ScarJo is going to be WAY too expensive after Lucy, though Ghost in the Shell bombing may have brought her price down somewhat.

That aside, Marvel can only field 2 films a year, maybe 3 if you push it and this includes Spider-Man. A black widow film if it happened would end up bumping something else off the roster, which doesn't really make a whole lot of sense when a Cap ensemble film that includes widow would be a better draw.

The only thing I'd change here is that 3 a year is the new normal. The only reason there's 2 this year is because of the Spider-Man deal, before they announced that, IIRC, Thor was the June/July movie and BP was the November movie for this year, making 3, and we still had 3 for next year.

Edit: And even with GitS bombing, I don't necessarily think it would effect what she'd command for Black Widow much for 2 reasons. One is that it would be pretty easy for her agents to blame that on Paramount and not her. The other is that she'd be the one with the leverage here, as it's not like they could/would recast the role. If they'd want to make that movie, she'd be the most important person they'd have to negotiate for it, and she'd get paid as such (which is why I made the RDJ/Civil War comparison, as he's the only one of the leads in the movie that wasn't under contract, I believe).
 

Staccat0

Fail out bailed
Yep. And that Black Widow movie will get announced any day now.
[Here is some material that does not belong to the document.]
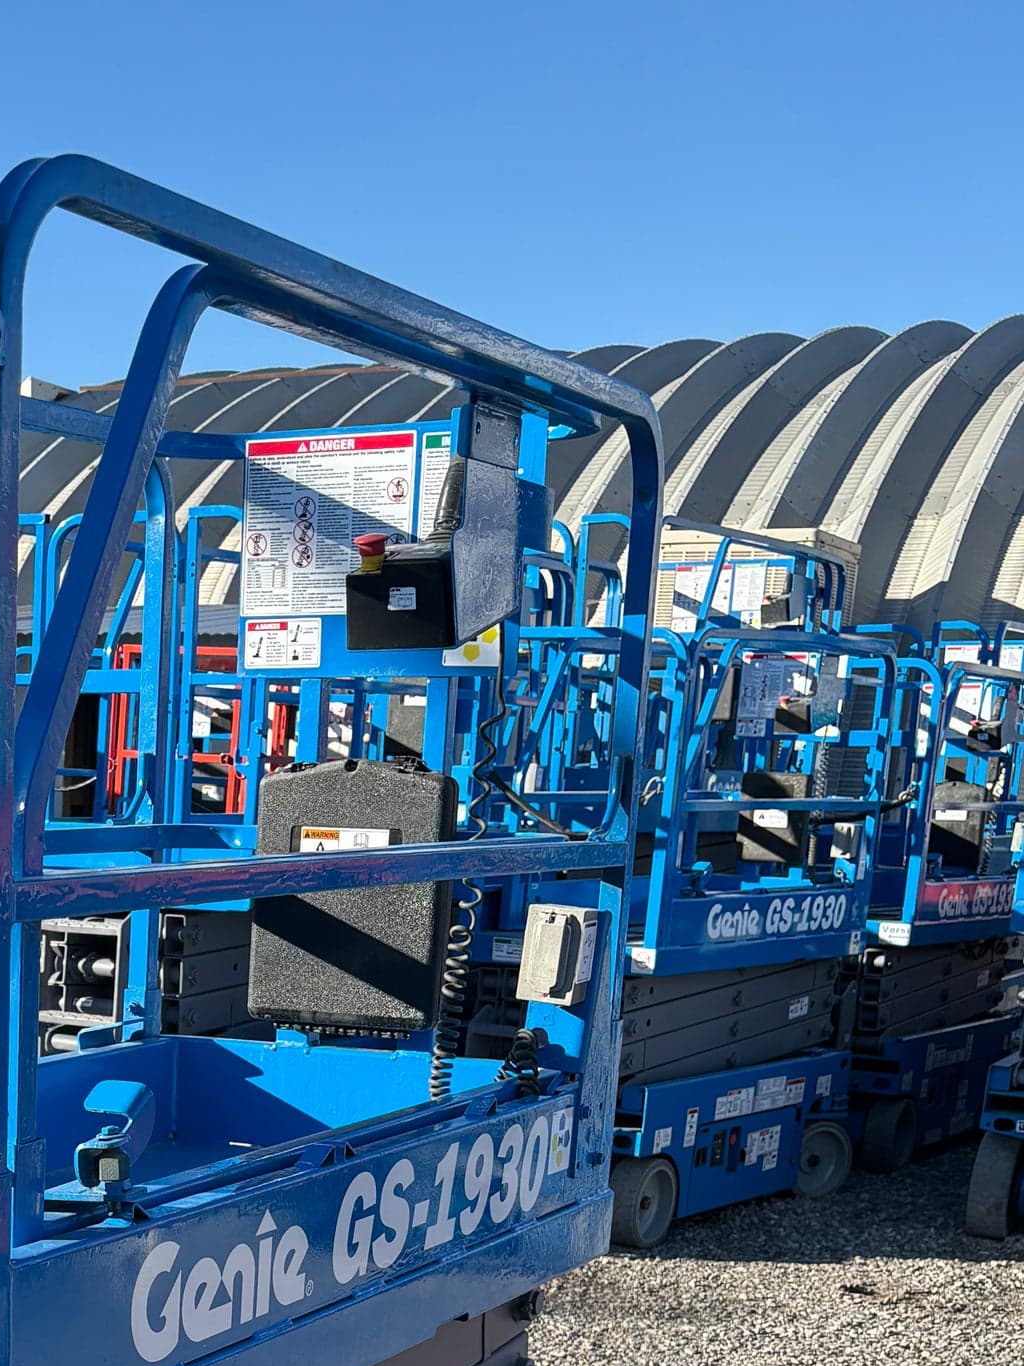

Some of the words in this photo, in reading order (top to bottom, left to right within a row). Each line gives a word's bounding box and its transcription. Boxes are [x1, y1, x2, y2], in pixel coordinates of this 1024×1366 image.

You have a point but just for the hell of it, characters that actually matter (so far) on that list:
Black Widow / Peggy Carter / Scarlet Witch / Jessica Jones.

And Darcy, obviously.

Even if we're accepting TV characters... Are we assuming that the MCU is made up of 50% women and that a graphic of the men isn't 4x the size? Obviously women exist in the MCU, but they don't comprise even close to realistic purportions for what we see in our world, let alone a fantastical world.

Edit: I replied to the wrong person but whatever. Ya'll get it.
 
The only thing I'd change here is that 3 a year is the new normal. The only reason there's 2 this year is because of the Spider-Man deal, before they announced that, IIRC, Thor was the June/July movie and BP was the November movie for this year, making 3, and we still had 3 for next year.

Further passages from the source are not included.